Pictures stay out; everything else in the records below is to be repeated exactly.

(RAW DATA Opens)

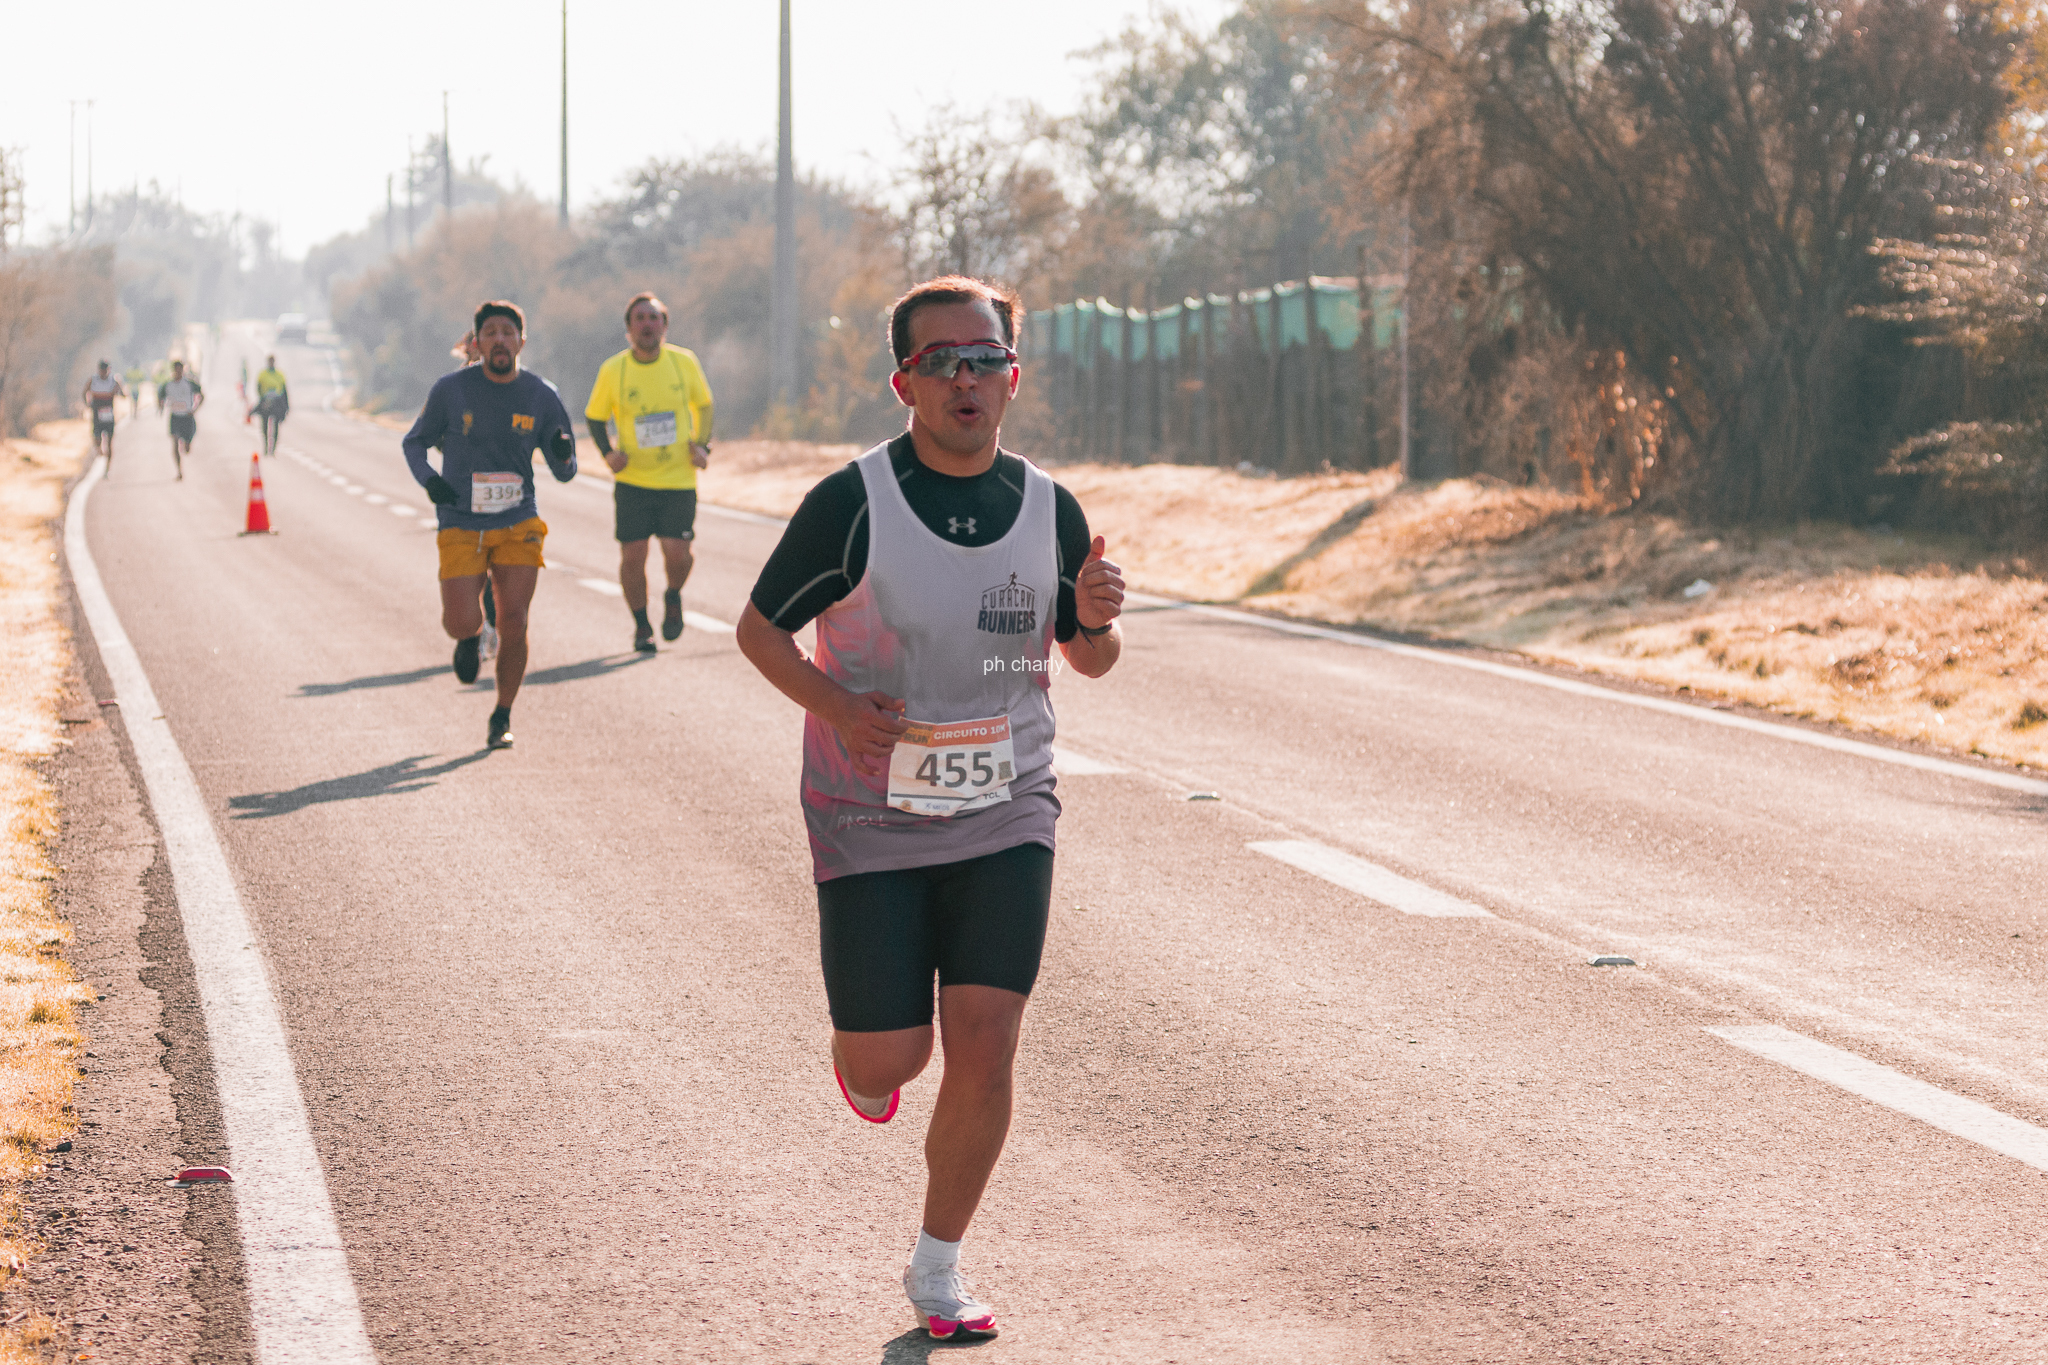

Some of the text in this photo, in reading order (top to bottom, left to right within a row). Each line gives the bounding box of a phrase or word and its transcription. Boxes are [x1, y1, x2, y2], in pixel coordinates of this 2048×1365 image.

[483, 485, 514, 500] 339
[981, 588, 1036, 610] CURACAVI
[977, 610, 1037, 635] RUNNERS
[933, 726, 988, 740] CIRCUITO
[990, 723, 1006, 735] 10K
[915, 751, 994, 788] 455
[983, 791, 1001, 800] TCL
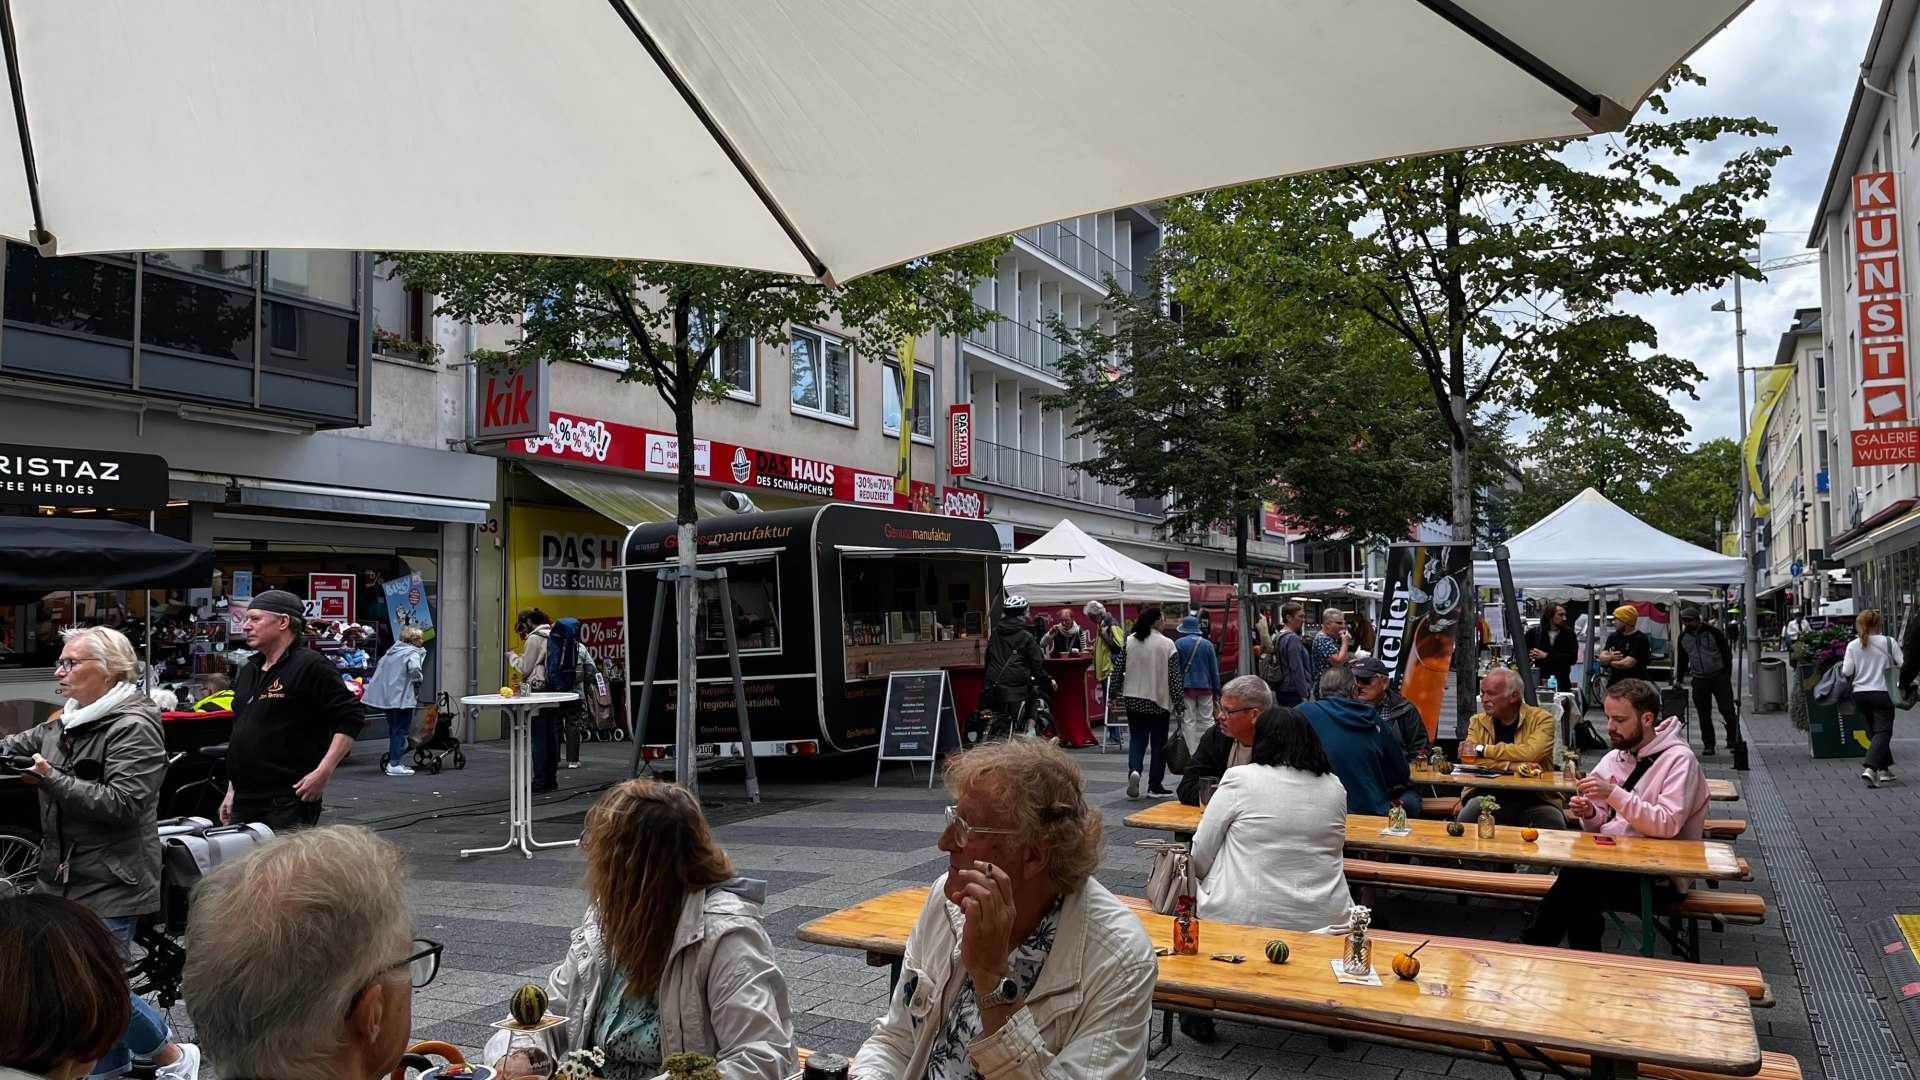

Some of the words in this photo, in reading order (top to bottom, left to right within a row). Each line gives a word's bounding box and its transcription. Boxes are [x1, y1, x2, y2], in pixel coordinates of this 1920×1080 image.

[1859, 176, 1898, 375] KUNST
[1855, 431, 1918, 446] GALERIE
[960, 436, 968, 466] HAUS
[1858, 447, 1916, 460] WUTZKE
[756, 451, 788, 475] DAS
[791, 457, 835, 484] HAUS
[33, 483, 94, 495] HEROES
[757, 475, 771, 487] DES
[773, 478, 833, 496] SCHNÄPPCHEN'S
[878, 479, 893, 492] 70%
[859, 490, 889, 501] REDUZIERT
[884, 523, 952, 542] Genussmanufaktur
[543, 535, 596, 568] DAS
[544, 573, 567, 587] DES
[1259, 583, 1300, 592] OTIK
[580, 622, 605, 643] 0%
[606, 628, 617, 638] BIS
[1380, 581, 1410, 681] telier
[744, 683, 775, 694] intöpfe

(RAW DATA Closes)

FINISHED TASK.
Some of the text in this photo, in reading order (top to bottom, left to right within a row). Each line gives the bounding box of a phrase or word and its transcription. Boxes are [x1, y1, x2, y2], in pixel coordinates of this 2048×1365 image.

[483, 485, 514, 500] 339
[981, 588, 1036, 610] CURACAVI
[977, 610, 1037, 635] RUNNERS
[933, 726, 988, 740] CIRCUITO
[990, 723, 1006, 735] 10K
[915, 751, 994, 788] 455
[983, 791, 1001, 800] TCL

Some of the words in this photo, in reading order (top to bottom, left to right within a row). Each line gives a word's bounding box and its transcription. Boxes are [x1, y1, x2, y2], in pixel coordinates of this 1920×1080 image.

[1859, 176, 1898, 375] KUNST
[1855, 431, 1918, 446] GALERIE
[960, 436, 968, 466] HAUS
[1858, 447, 1916, 460] WUTZKE
[756, 451, 788, 475] DAS
[791, 457, 835, 484] HAUS
[33, 483, 94, 495] HEROES
[757, 475, 771, 487] DES
[773, 478, 833, 496] SCHNÄPPCHEN'S
[878, 479, 893, 492] 70%
[859, 490, 889, 501] REDUZIERT
[884, 523, 952, 542] Genussmanufaktur
[543, 535, 596, 568] DAS
[544, 573, 567, 587] DES
[1259, 583, 1300, 592] OTIK
[580, 622, 605, 643] 0%
[606, 628, 617, 638] BIS
[1380, 581, 1410, 681] telier
[744, 683, 775, 694] intöpfe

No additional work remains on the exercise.